WORK INSTRUCTION: Reproduce each record exactly, but exclude every picture.

◇ ◇ ◇ ◇ ◇

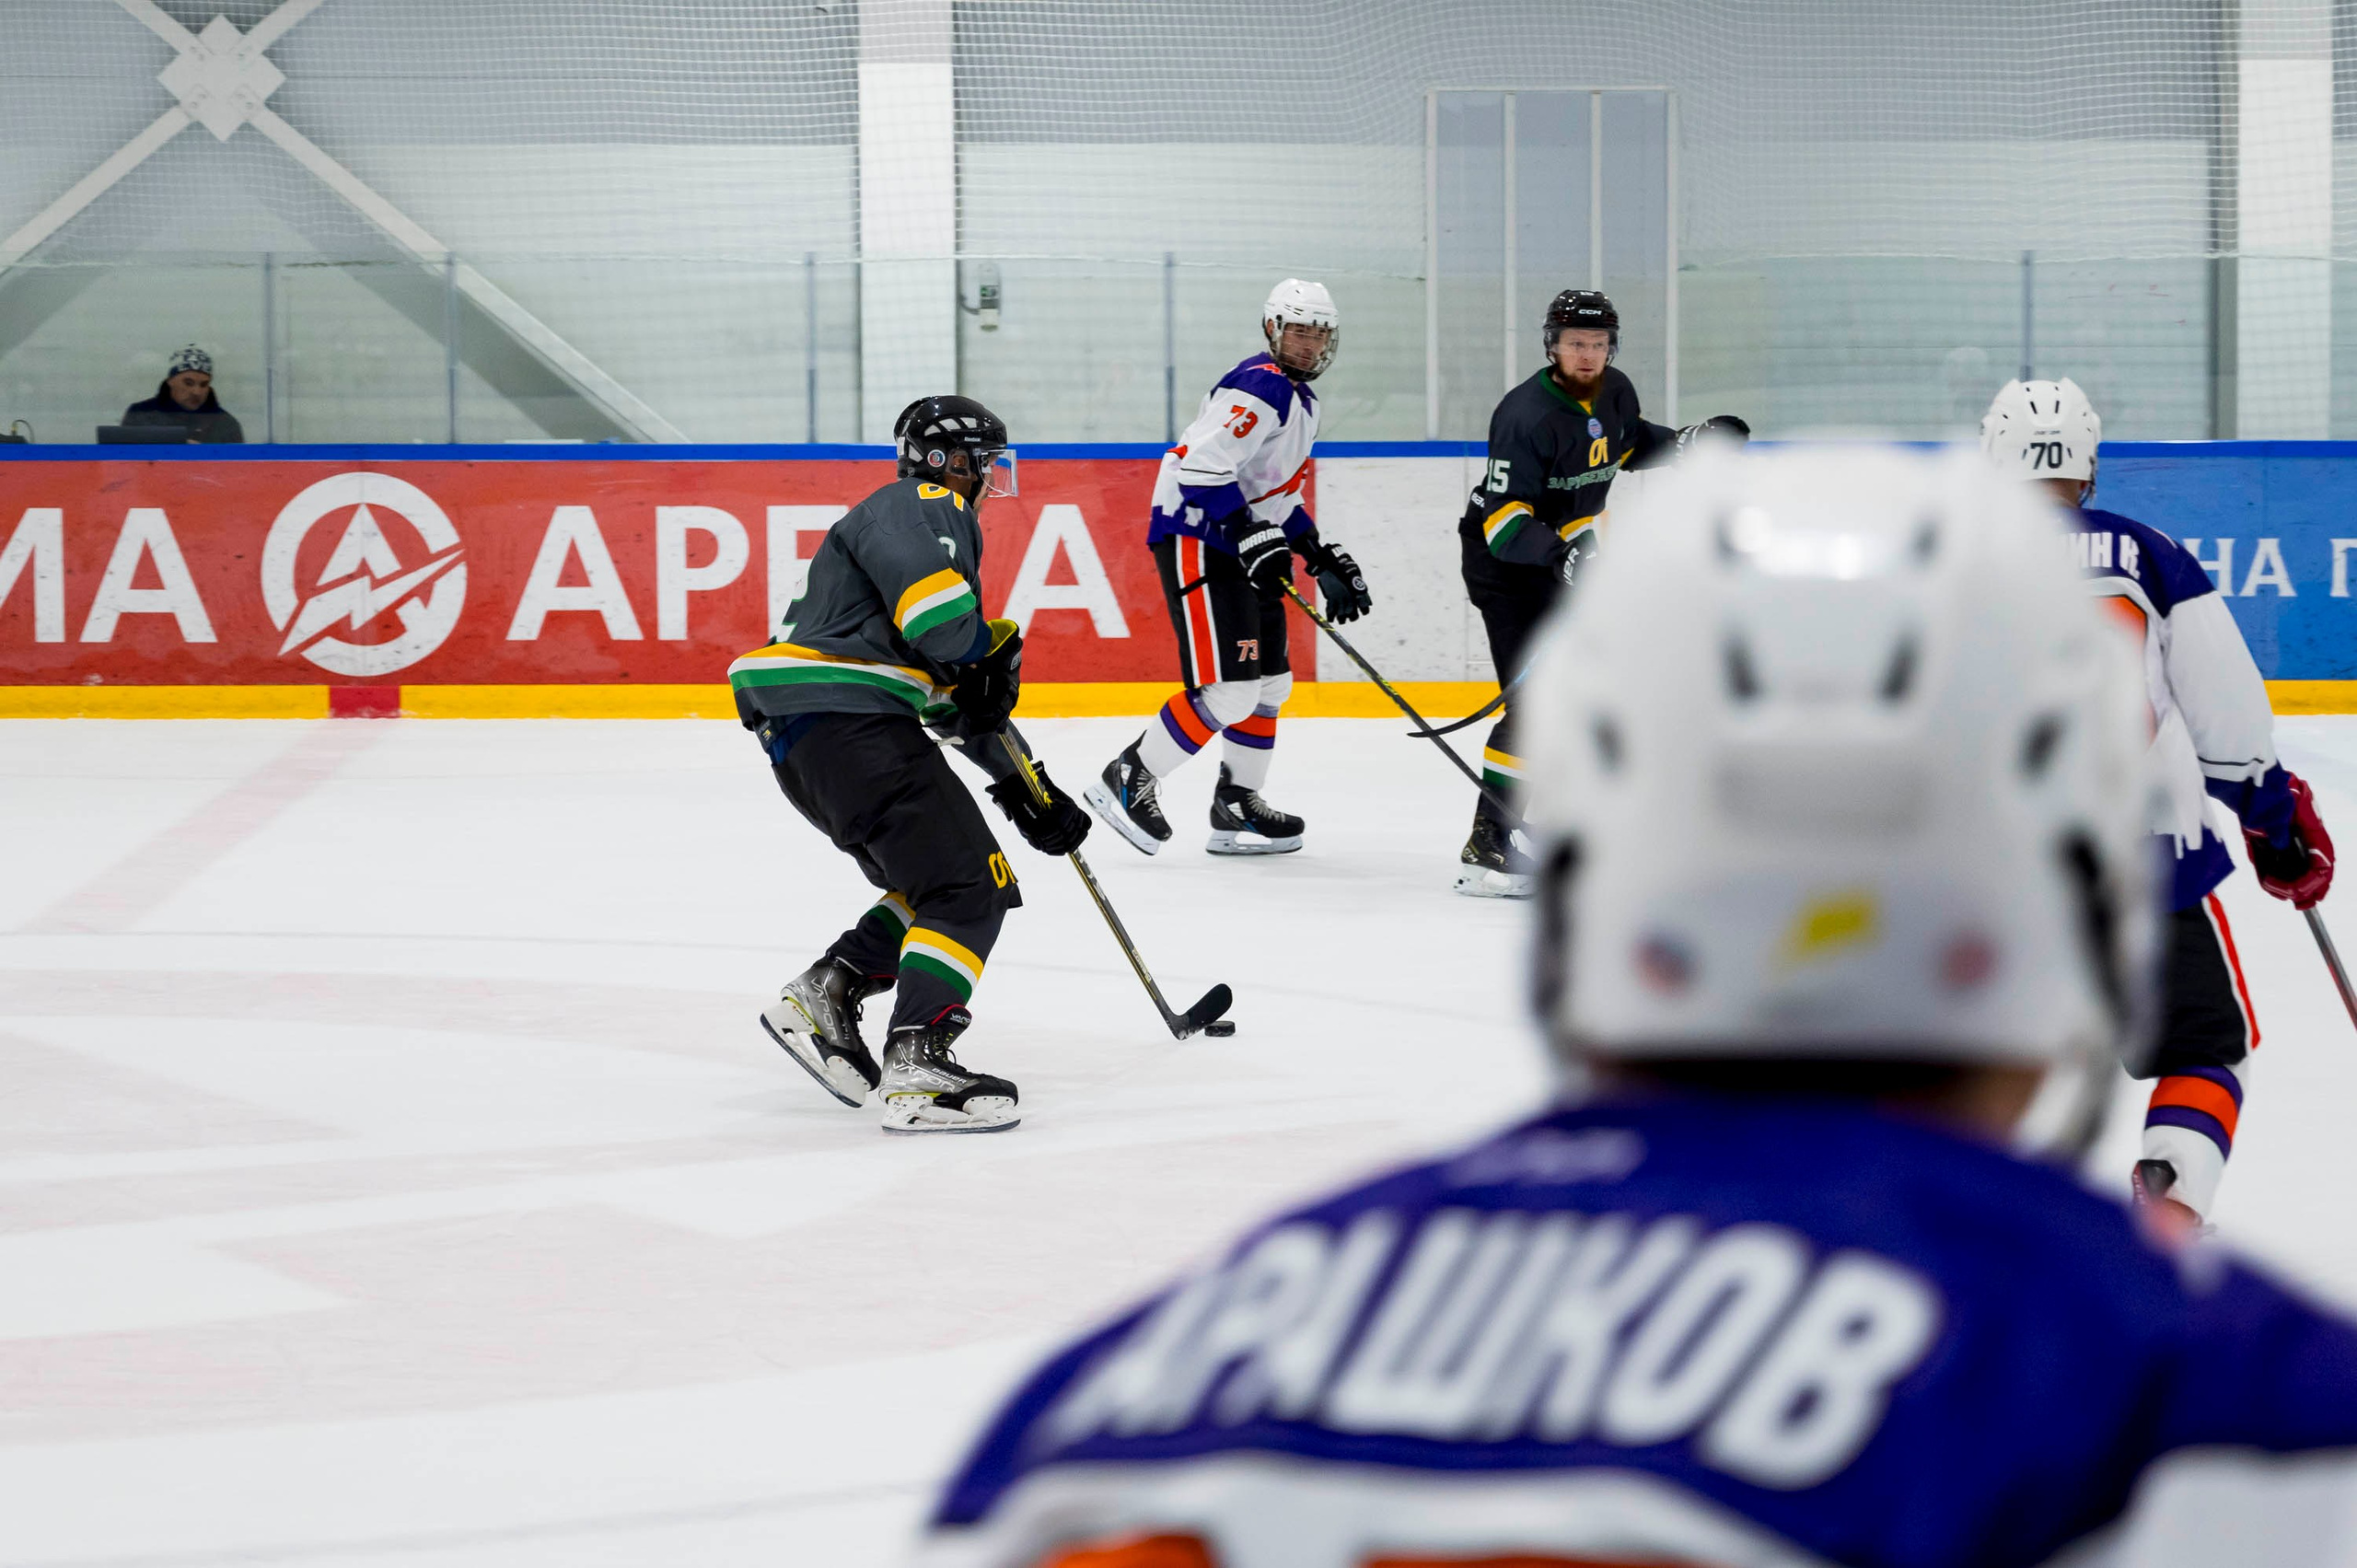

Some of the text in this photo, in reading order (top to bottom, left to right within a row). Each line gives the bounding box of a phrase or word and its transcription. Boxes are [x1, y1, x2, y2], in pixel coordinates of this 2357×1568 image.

[1223, 404, 1259, 439] 73
[2030, 441, 2063, 470] 70
[1487, 459, 1511, 494] 15
[505, 504, 1131, 642] АРЕА
[1237, 639, 1259, 662] 73
[951, 1013, 971, 1024] VAPO
[931, 1067, 968, 1085] BAUER
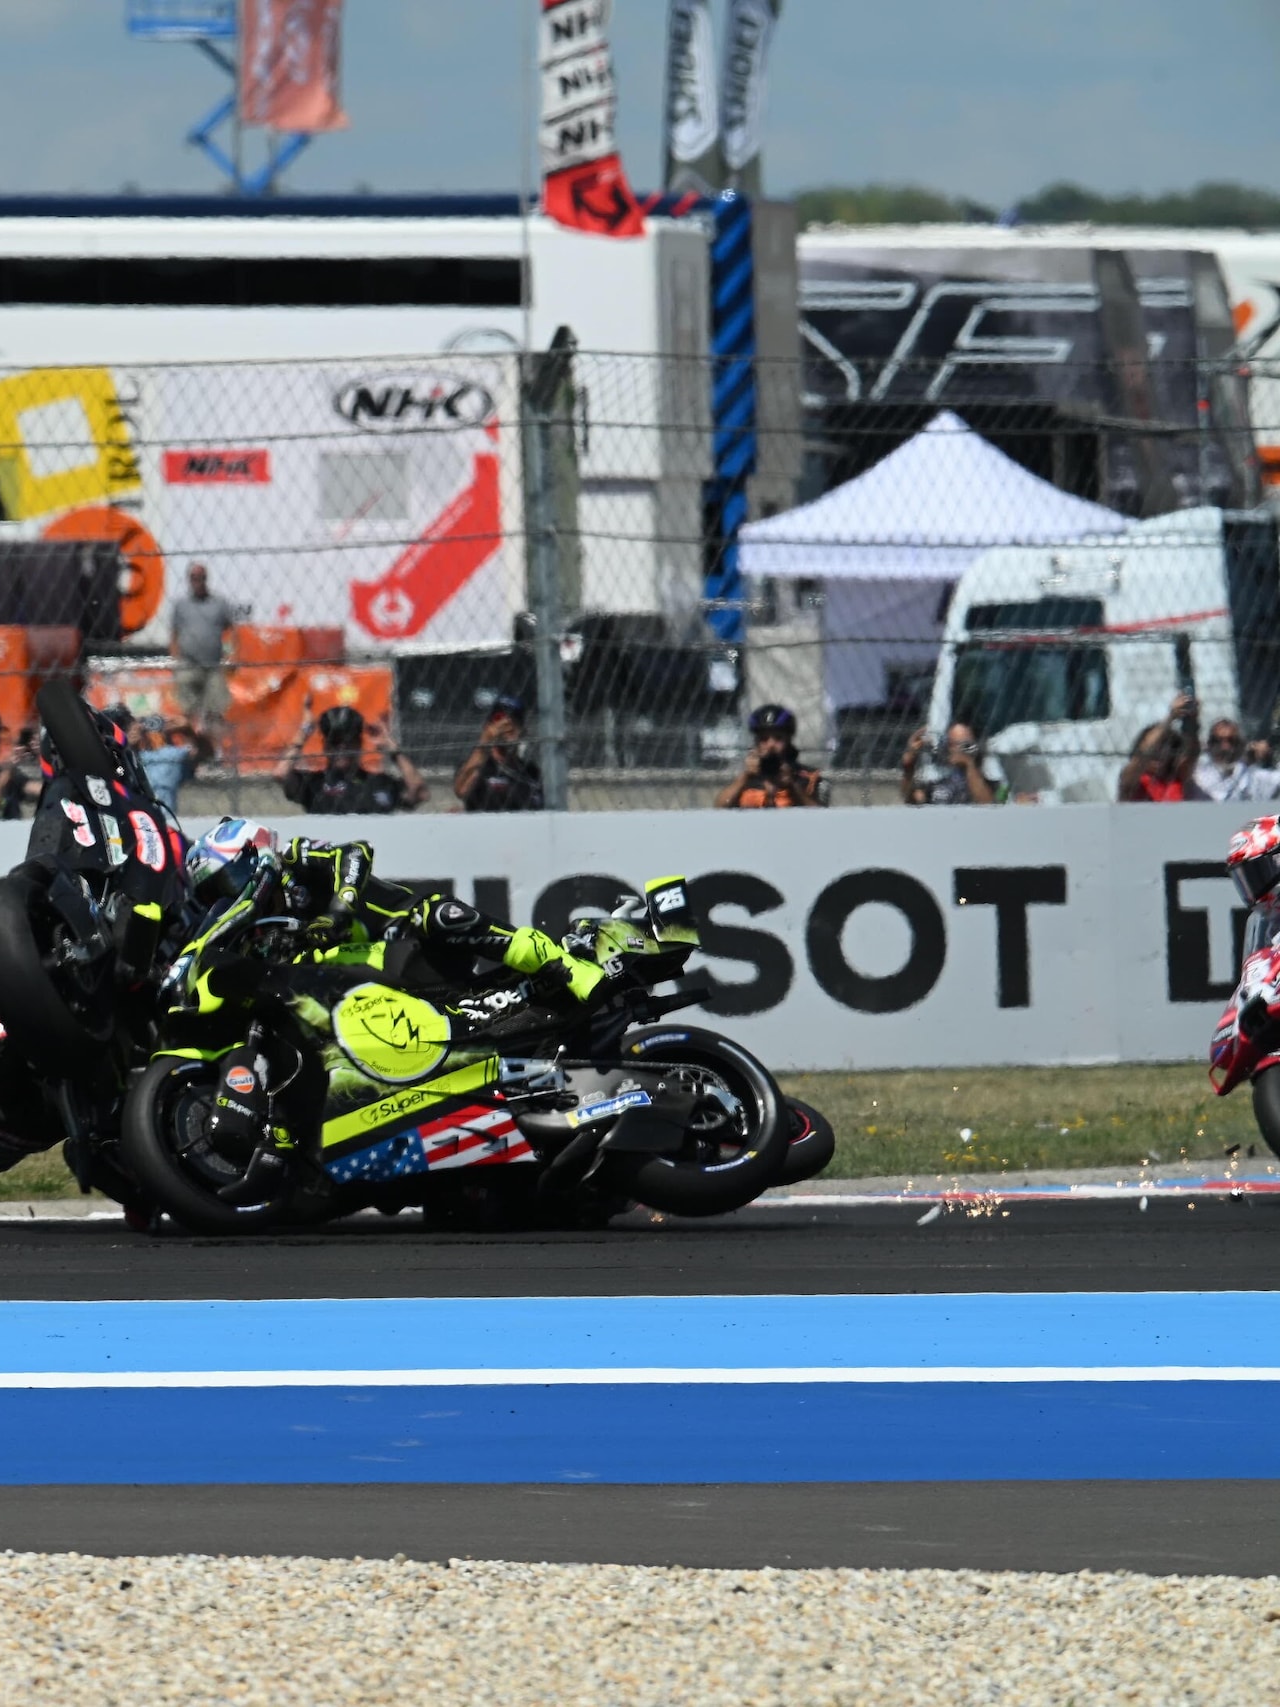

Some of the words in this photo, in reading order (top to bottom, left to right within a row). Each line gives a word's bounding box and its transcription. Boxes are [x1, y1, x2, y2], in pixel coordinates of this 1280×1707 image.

[347, 380, 480, 424] NHK
[654, 886, 686, 913] 25
[360, 866, 1067, 1016] SSOT
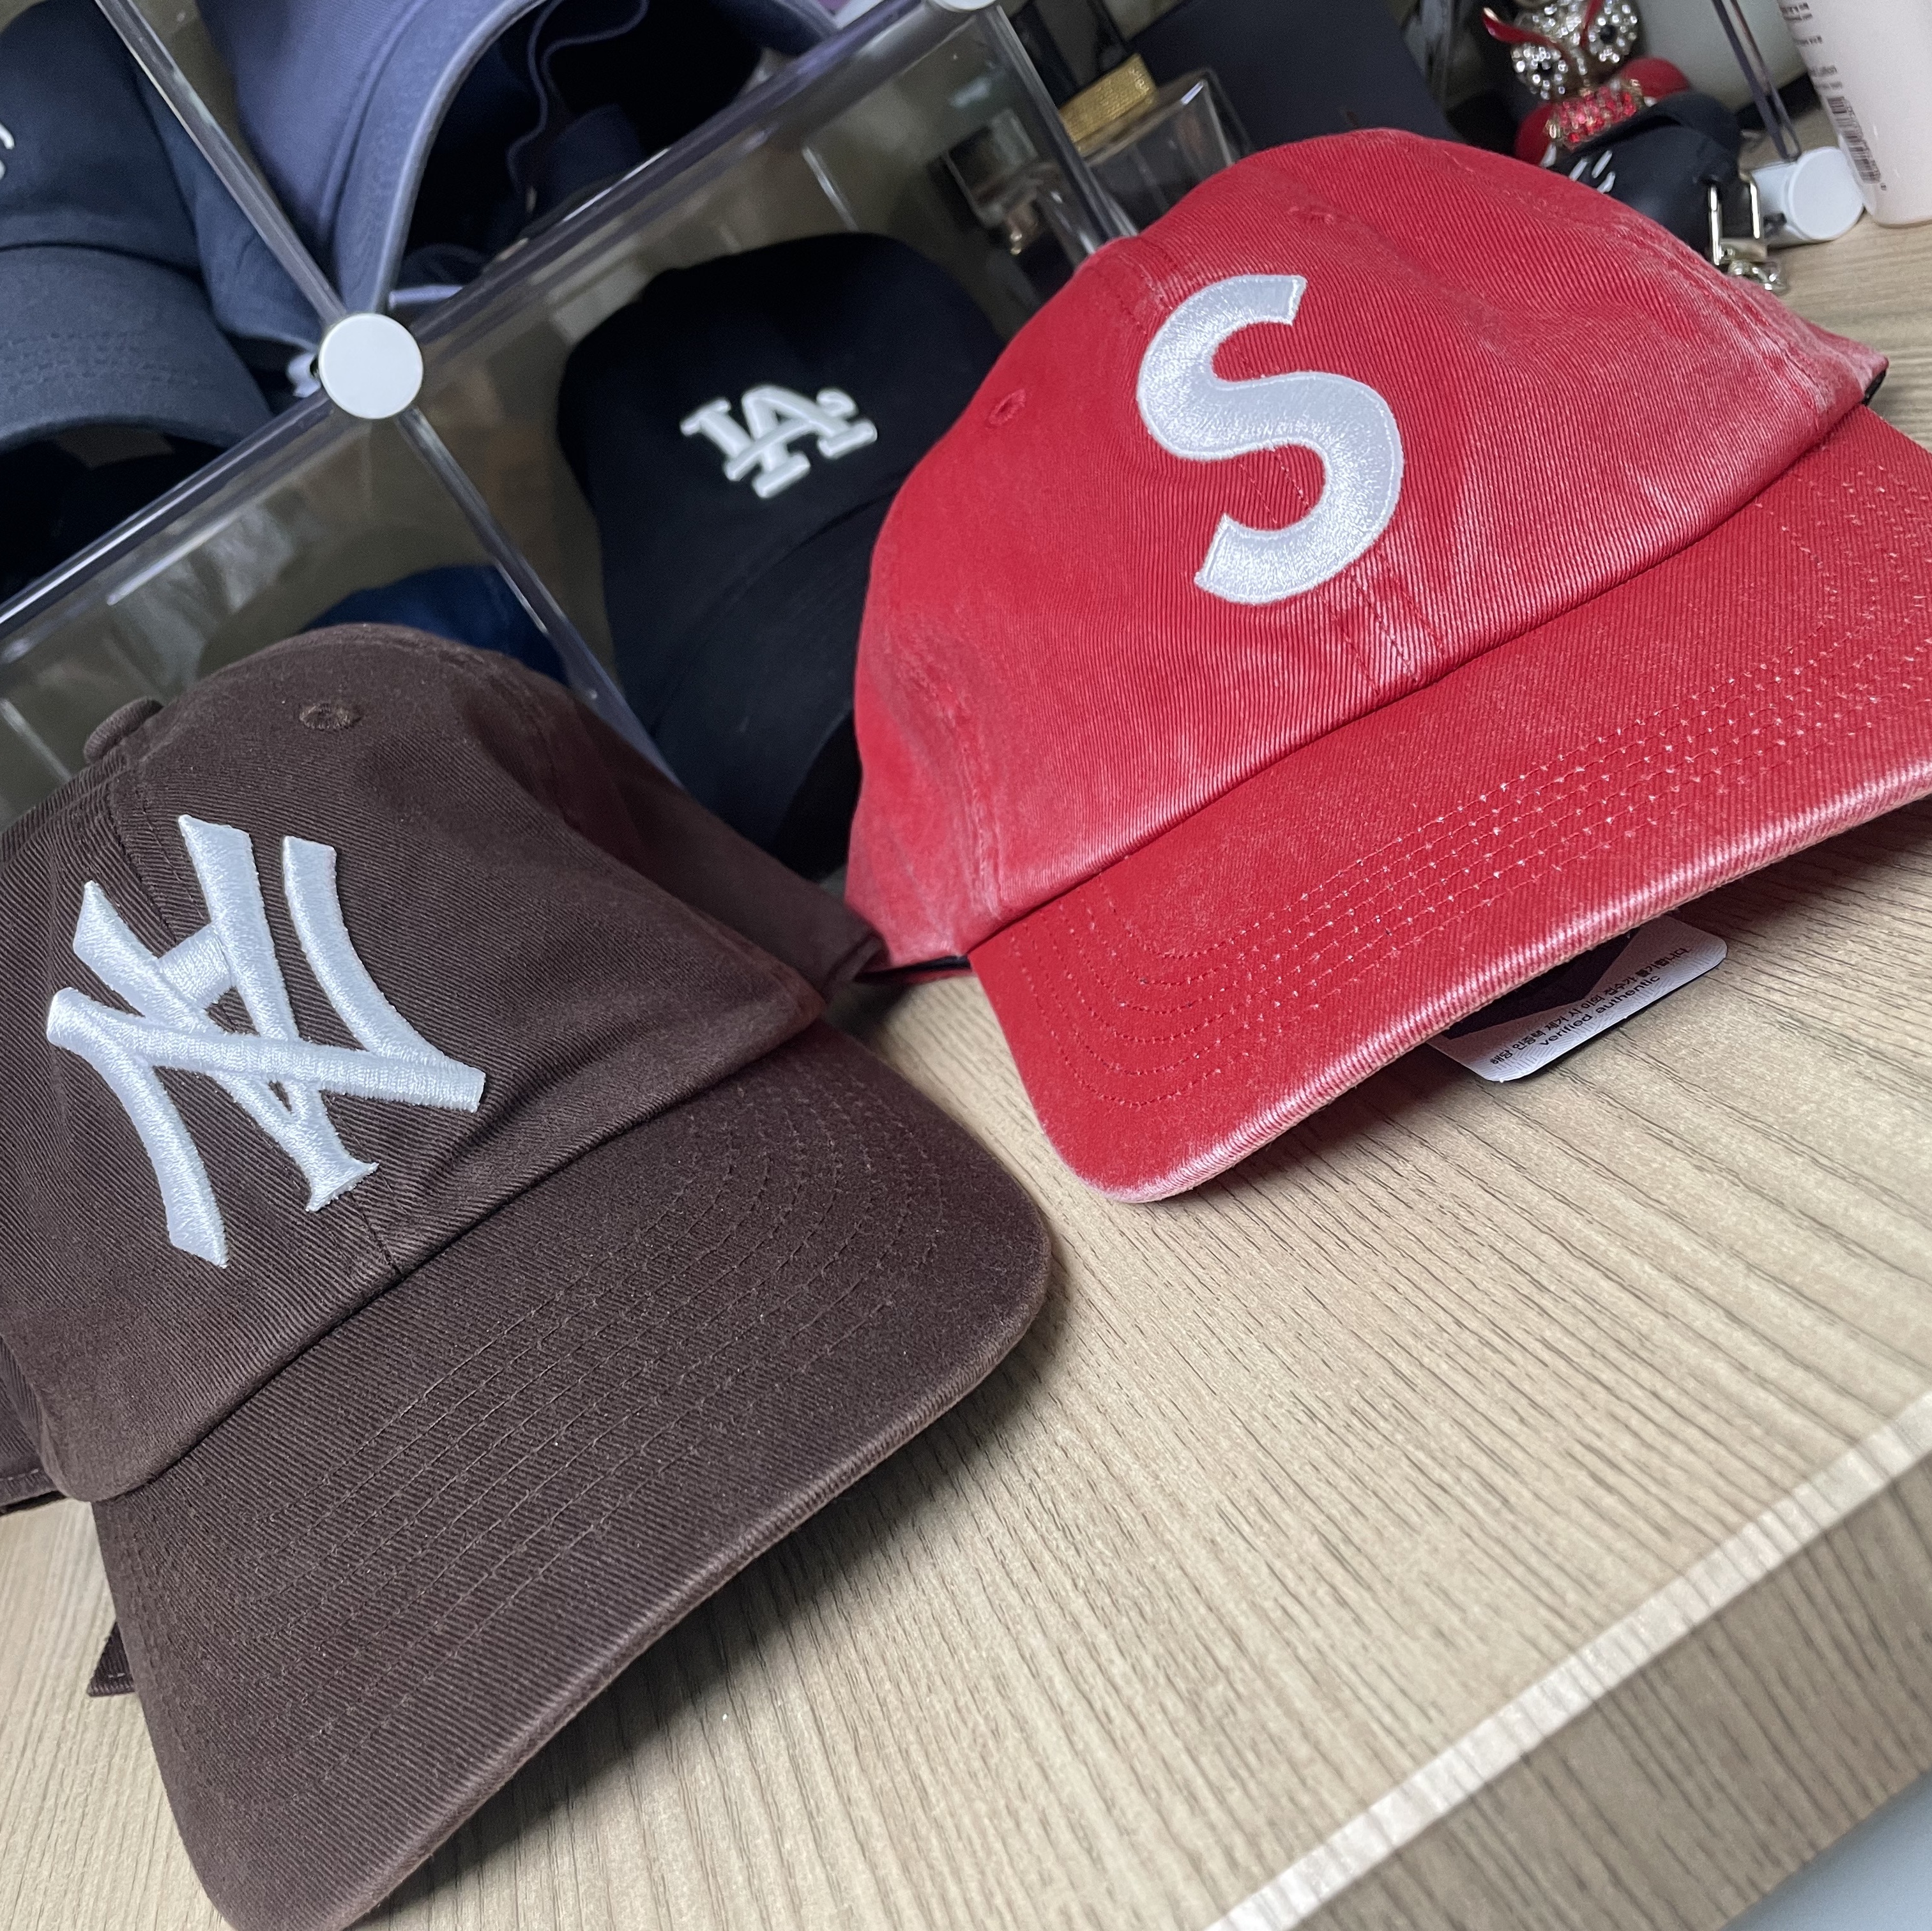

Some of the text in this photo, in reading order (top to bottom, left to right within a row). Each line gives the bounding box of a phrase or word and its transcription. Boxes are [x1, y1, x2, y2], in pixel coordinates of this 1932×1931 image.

[680, 386, 878, 499] LA
[1136, 273, 1404, 605] S
[47, 814, 486, 1268] NY
[1489, 1049, 1513, 1064] 해당
[1544, 1015, 1569, 1031] 제거
[1569, 1008, 1583, 1017] 시
[1581, 994, 1606, 1009] 이의
[1539, 976, 1661, 1045] verified authentic

◇ ◇ ◇ ◇ ◇

COMPLETED EXERCISE:
Some of the text in this photo, in reading order (top to bottom, left to right within a row). Each line gives the bounding box of a phrase or word and its transcription. Boxes are [x1, y1, x2, y2], in pixel coordinates of this 2357×1568 image.

[1223, 404, 1259, 439] 73
[2030, 441, 2063, 470] 70
[1487, 459, 1511, 494] 15
[505, 504, 1131, 642] АРЕА
[1237, 639, 1259, 662] 73
[951, 1013, 971, 1024] VAPO
[931, 1067, 968, 1085] BAUER

Some of the words in this photo, in reading order (top to bottom, left to right within a row). Each line gives a word's bounding box and its transcription. Boxes are [x1, y1, x2, y2], in pixel coordinates of this 1280×1707 image.

[347, 380, 480, 424] NHK
[654, 886, 686, 913] 25
[360, 866, 1067, 1016] SSOT

Some of the text in this photo, in reading order (top to bottom, left to right within a row). Each line gives the bounding box of a phrase or word and its transcription. Boxes are [x1, y1, x2, y2], in pixel coordinates of this 1932×1931 image.

[680, 386, 878, 499] LA
[1136, 273, 1404, 605] S
[47, 814, 486, 1268] NY
[1489, 1049, 1513, 1064] 해당
[1544, 1015, 1569, 1031] 제거
[1569, 1008, 1583, 1017] 시
[1581, 994, 1606, 1009] 이의
[1539, 976, 1661, 1045] verified authentic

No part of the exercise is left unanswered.